Synopsis: The following case study was prepared to demonstrate how investors may consider structuring their asset drawdown plans, including carrying a mortgage into retirement.
Thanks to a reader, Adam (changed for privacy/publishing purposes), for sharing their information.
Carrying a Mortgage into Retirement
Adam admits, his retirement draw-down plans with his wife might be a bit more complicated than most but like most retirees, he wants to ensure he and his wife do not run out of money.
Adam and his wife (Carlene) want to enjoy retirement, freely, so that means managing personal assets well.
Beyond questions such as when to take CPP in retirement, we’ll see in today’s case study that Adam and Carlene have another question many Canadians want an answer to as well – what can they afford to spend throughout retirement (and not run out of money)!

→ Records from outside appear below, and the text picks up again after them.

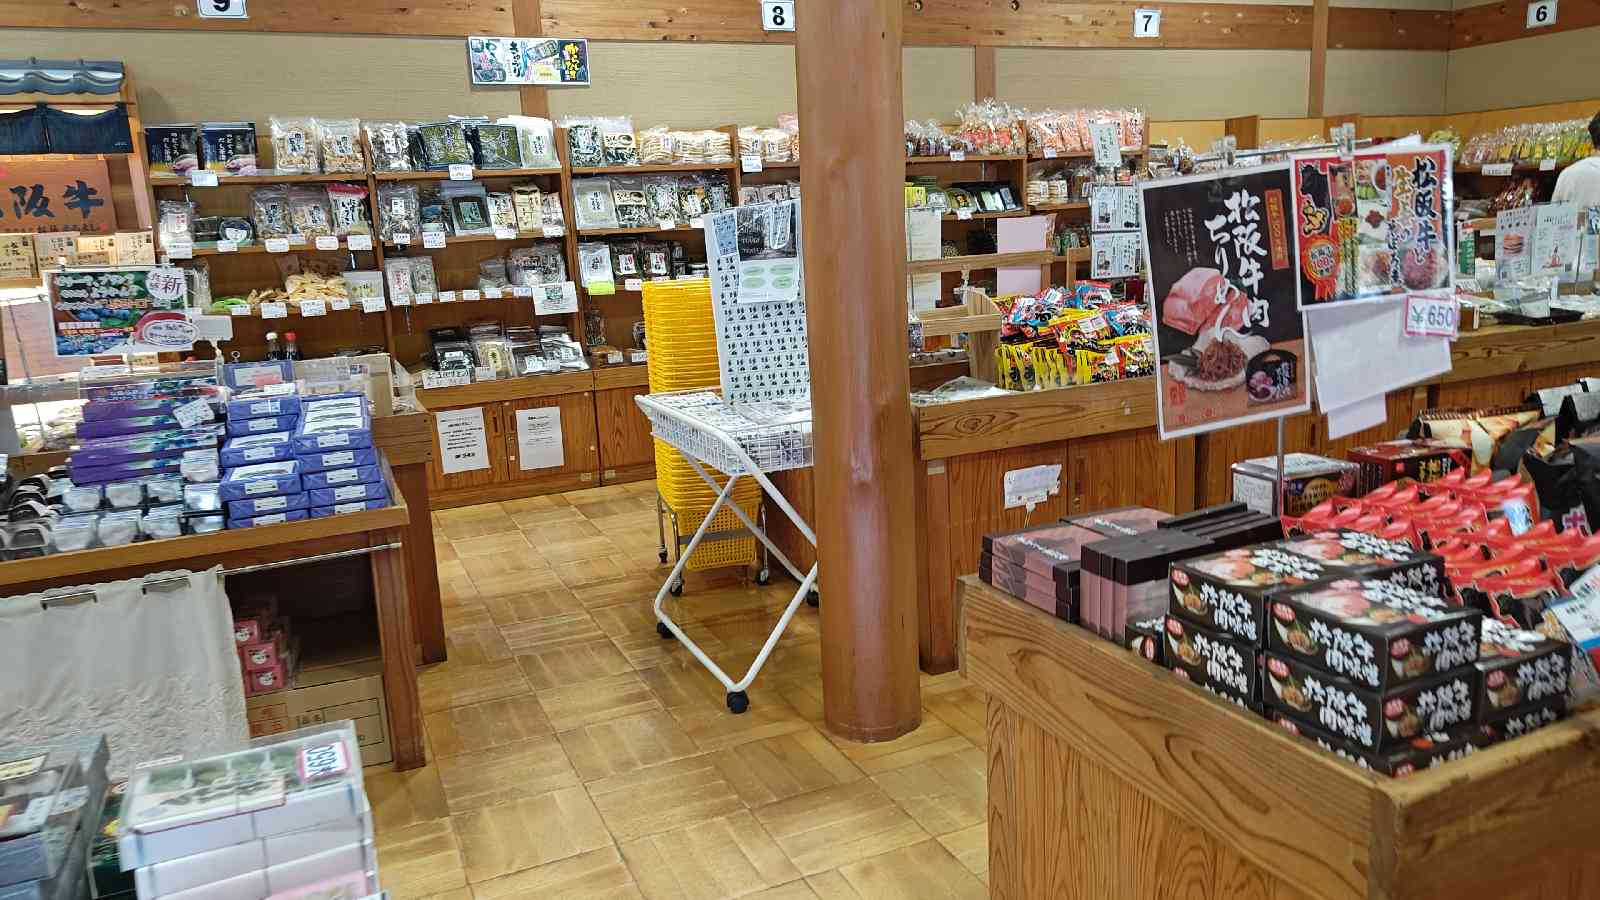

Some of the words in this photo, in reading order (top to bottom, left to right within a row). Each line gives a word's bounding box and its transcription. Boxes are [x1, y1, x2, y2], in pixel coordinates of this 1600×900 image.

[213, 0, 230, 12] 9
[772, 5, 785, 26] 8
[1536, 5, 1548, 22] 6
[1143, 14, 1153, 33] 7
[0, 178, 104, 219] 阪牛
[1223, 188, 1270, 328] 松阪牛肉

If you are interested in reading more about when to take CPP in retirement, check out our previous case study:
Let’s look at Adam and Carlene’s profile, goals and future projections!
Case Study Inputs and Assumptions
Here is what Adam told us when it comes to his plans (information adapted only slightly from our correspondence).
I’ve done lots of thinking on this but would always like another take even just for information purposes and things to mull over…I think what you are doing on this site is great!
I’m aiming to have a $1,400 mortgage on my retirement home for the first two years and carry it into retirement. Not typical I know but read on!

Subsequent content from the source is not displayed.